Science

Nana-val “Kick and Kill” Mechanism of Action

science-graphic
science-graphic-mobilev2

Latency

EBV is latent in cancer cells and viral kinase genes are silenced epigenetically. Valganciclovir, an antiviral prodrug of ganciclovir (GCV), is inactive in the absence of the expression of the viral protein kinase (PK)

The Kick

Nanatinostat selectively and potently induces expression of EBV protein kinase (PK), which activates GCV and converts it to its cytotoxic form

The Kill

Cytotoxic GCV inhibits DNA replication by chain termination leading to apoptosis in EBV+ cancer cells. This combination approach is a form of synthetic lethality

Virus-associated Malignancies

The association of viruses and cancer has been well characterized.

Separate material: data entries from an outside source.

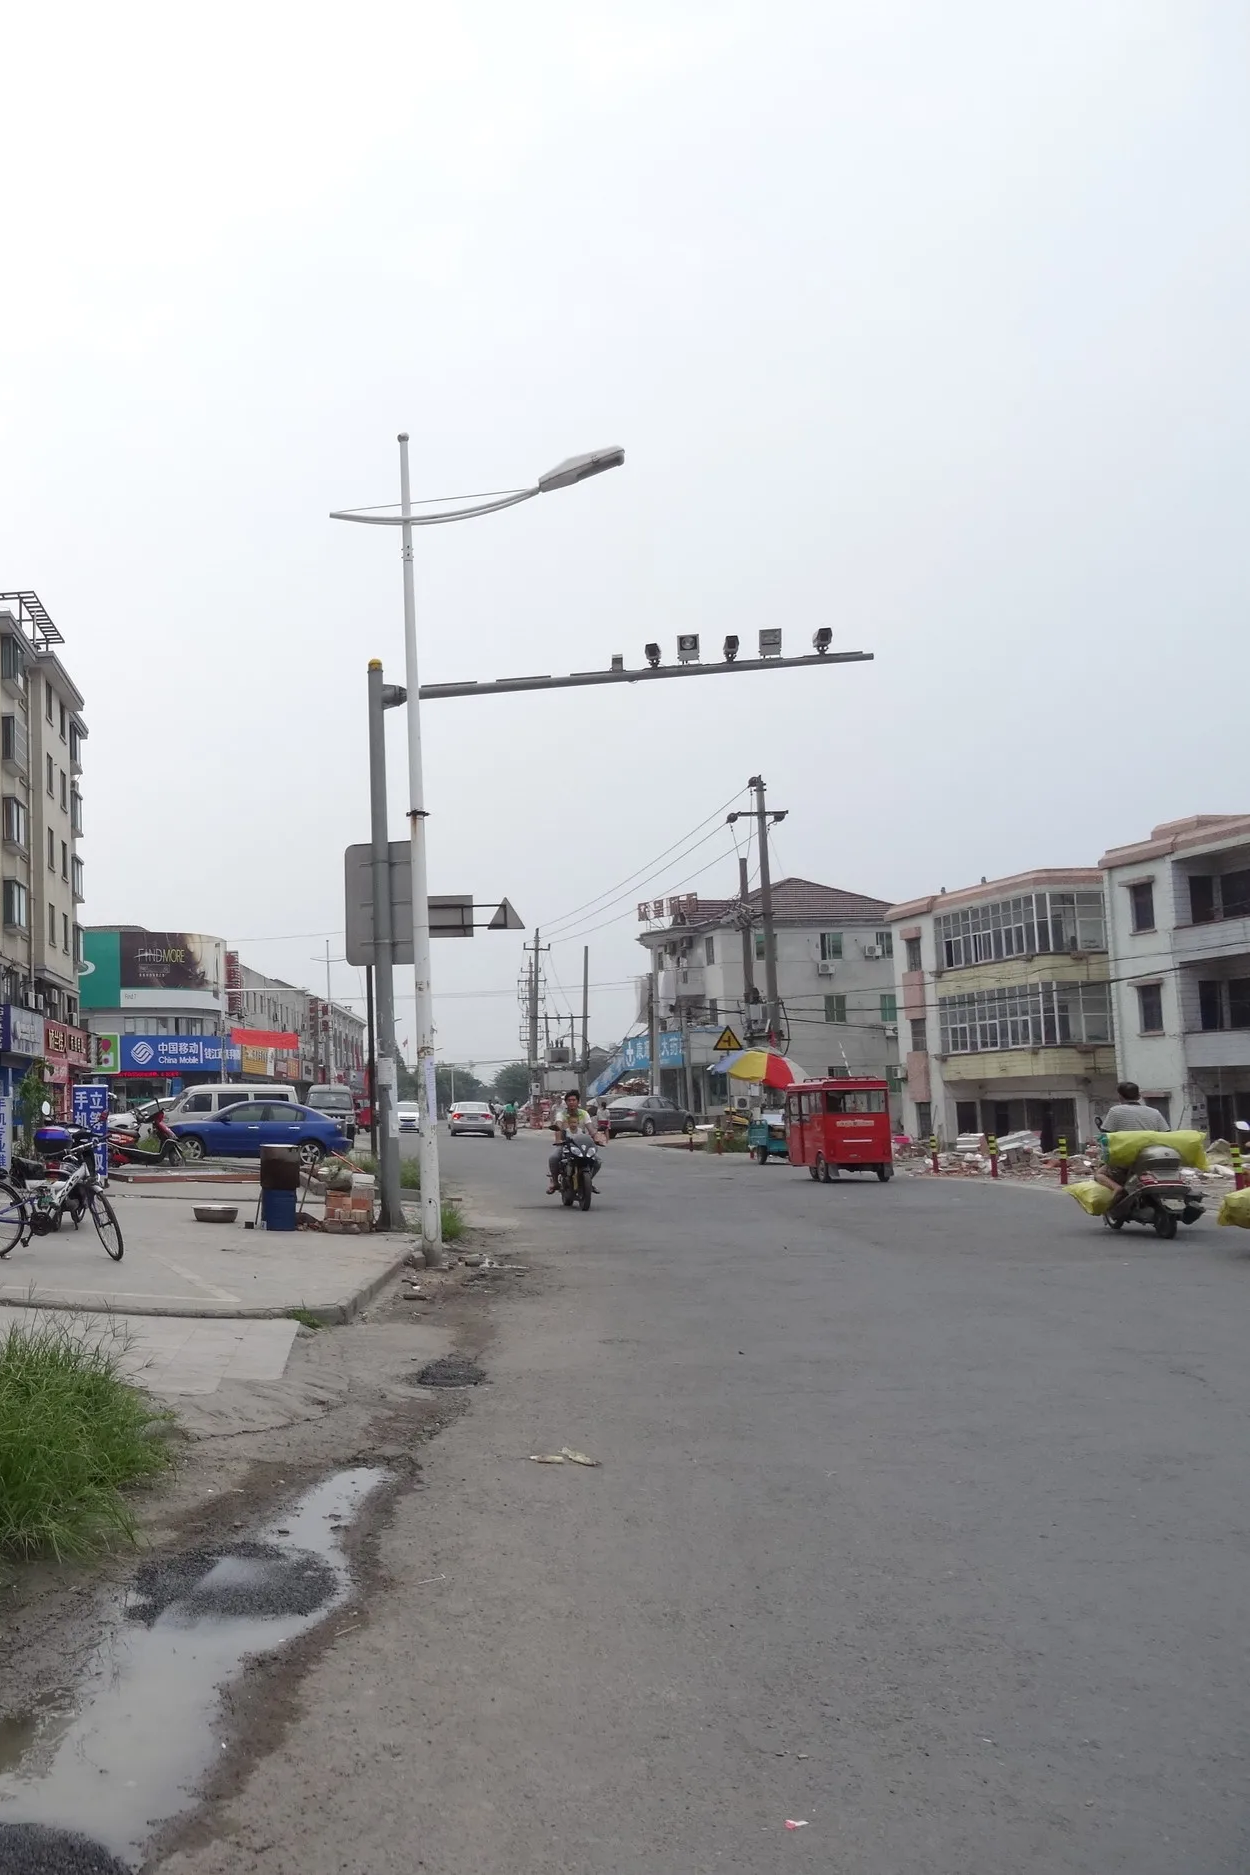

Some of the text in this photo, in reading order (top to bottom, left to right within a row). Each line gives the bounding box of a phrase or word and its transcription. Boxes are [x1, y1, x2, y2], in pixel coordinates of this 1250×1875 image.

[158, 1042, 198, 1054] 中国移动
[158, 1056, 198, 1064] China Mobile
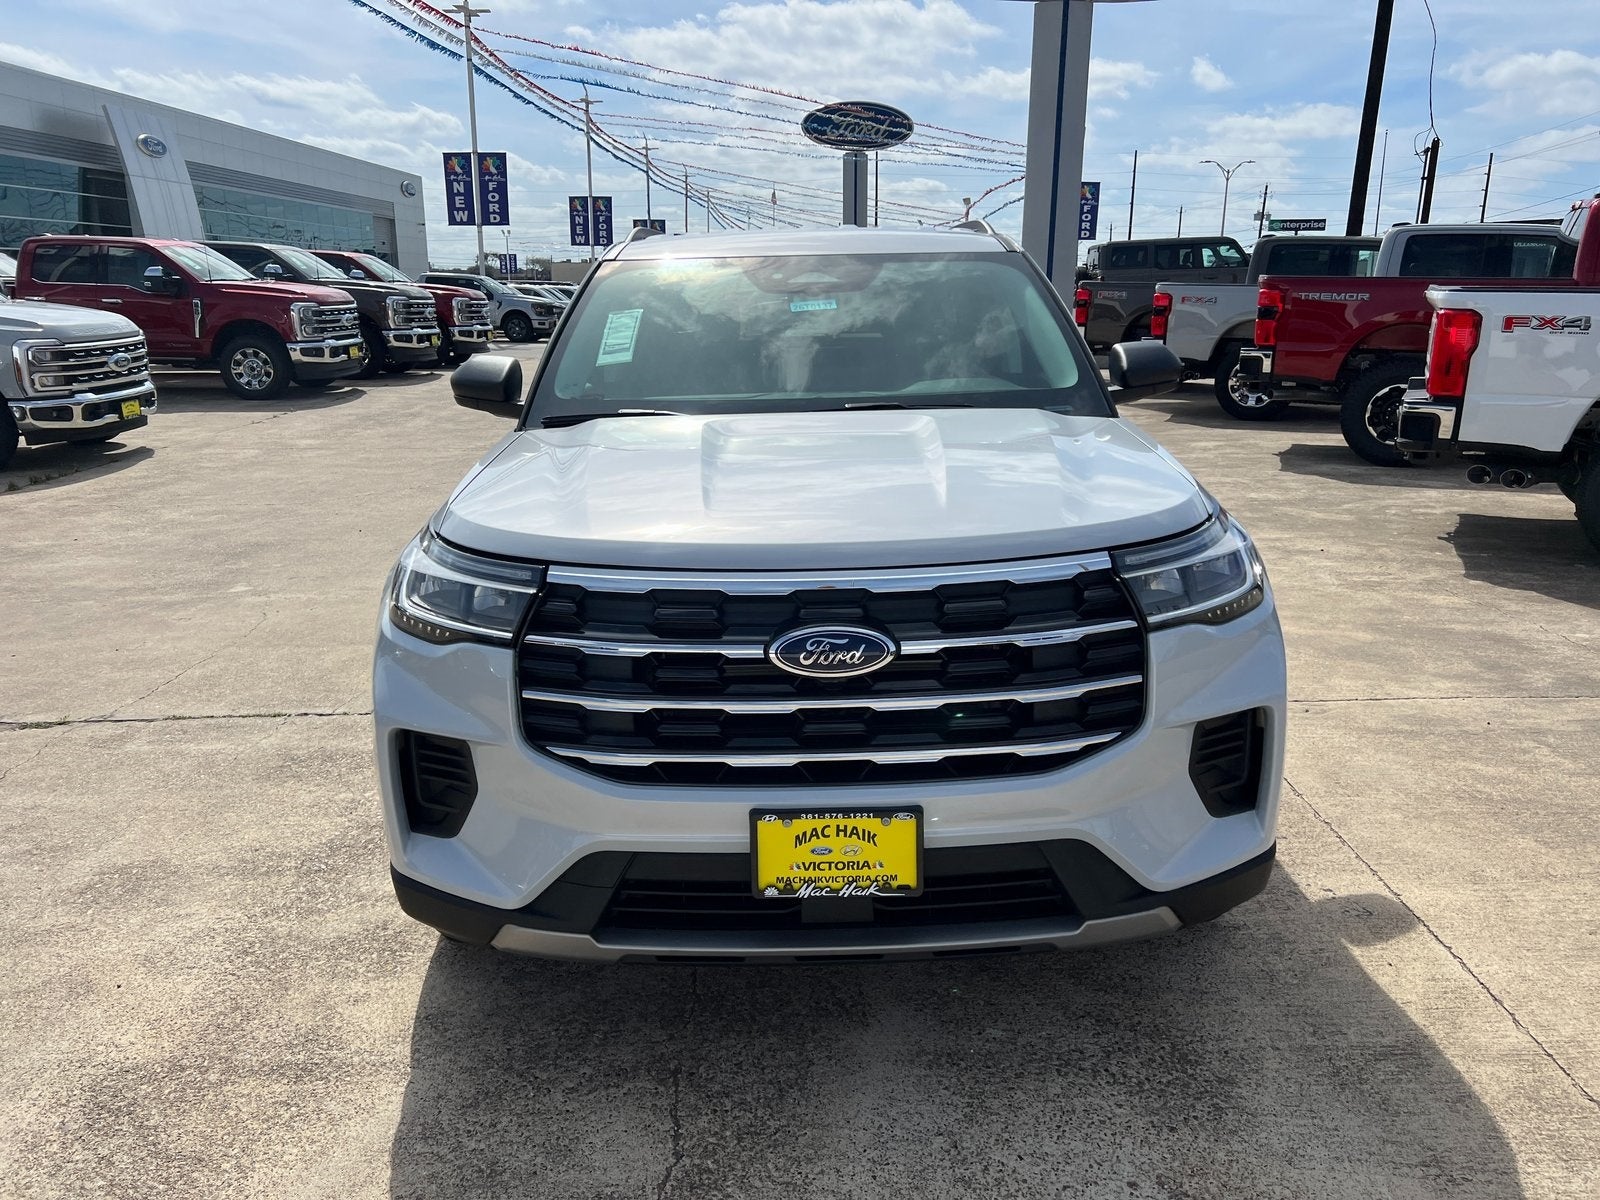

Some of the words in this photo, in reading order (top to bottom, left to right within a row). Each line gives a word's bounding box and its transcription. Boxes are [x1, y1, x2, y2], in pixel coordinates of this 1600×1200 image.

[453, 181, 468, 222] NEW
[488, 181, 501, 223] FORD
[574, 215, 586, 244] NEW
[598, 216, 608, 245] FORD
[1081, 204, 1092, 238] FORD
[1271, 220, 1325, 230] enterprise
[1181, 296, 1218, 304] FX4
[1298, 292, 1370, 301] TREMOR
[1501, 314, 1592, 333] FX4
[799, 637, 866, 666] Ford
[800, 812, 875, 820] 361-576-1221
[794, 824, 831, 849] MAC
[835, 824, 878, 848] HAIK
[801, 860, 872, 872] VICTORIA
[776, 874, 898, 884] MACHAIKVICTORIA.COM
[796, 882, 836, 898] Mac
[838, 881, 890, 898] Haik

EBV, a member of the γ-herpesvirus family, was the first virus directly implicated in the development of a human tumor and is formally classified as a Group 1 human carcinogen by the World Health Organization (WHO). Primary infection with EBV typically occurs in childhood, occurring first in the nasopharynx and is generally asymptomatic; however, infection later in life may manifest as infectious mononucleosis. Once infected, individuals remain life-long carriers of the virus, with more than 90% of the world’s population asymptomatically infected with EBV. The EBV genome can be detected in approximately one out of one million circulating B lymphocytes.

The figure illustrates the association of a number of viruses with various cancers.

EBV Latency

EBV enters periods of latency during which most viral genes are epigenetically suppressed, as depicted in the figure below. In some stages, no viral proteins are expressed on the cell surface, making it difficult to develop broadly effective immunotherapies targeting the virus.

Latent infection and intermittent reactivation are two important characteristics of the EBV lifecycle. The maintenance of latent EBV infection requires the expression of a small subset of genes, and specific expression patterns (Types I – III) of these genes are associated with specific EBV-driven malignancies. EBV has been shown to infect B-cells, T-cells, T/NK-cells and epithelial cells, though its greatest predilection is for B-cells. EBV has been associated with a wide spectrum of human malignancies, including EBV+ diffuse large B-cell lymphoma, not otherwise specified (“EBV+ DLBCL, NOS”), Burkitt’s lymphoma (“BL”), post-transplant lymphoproliferative disorders (“PTLD”), and lymphomas associated with congenital and acquired immunodeficiencies, including HIV-related lymphomas.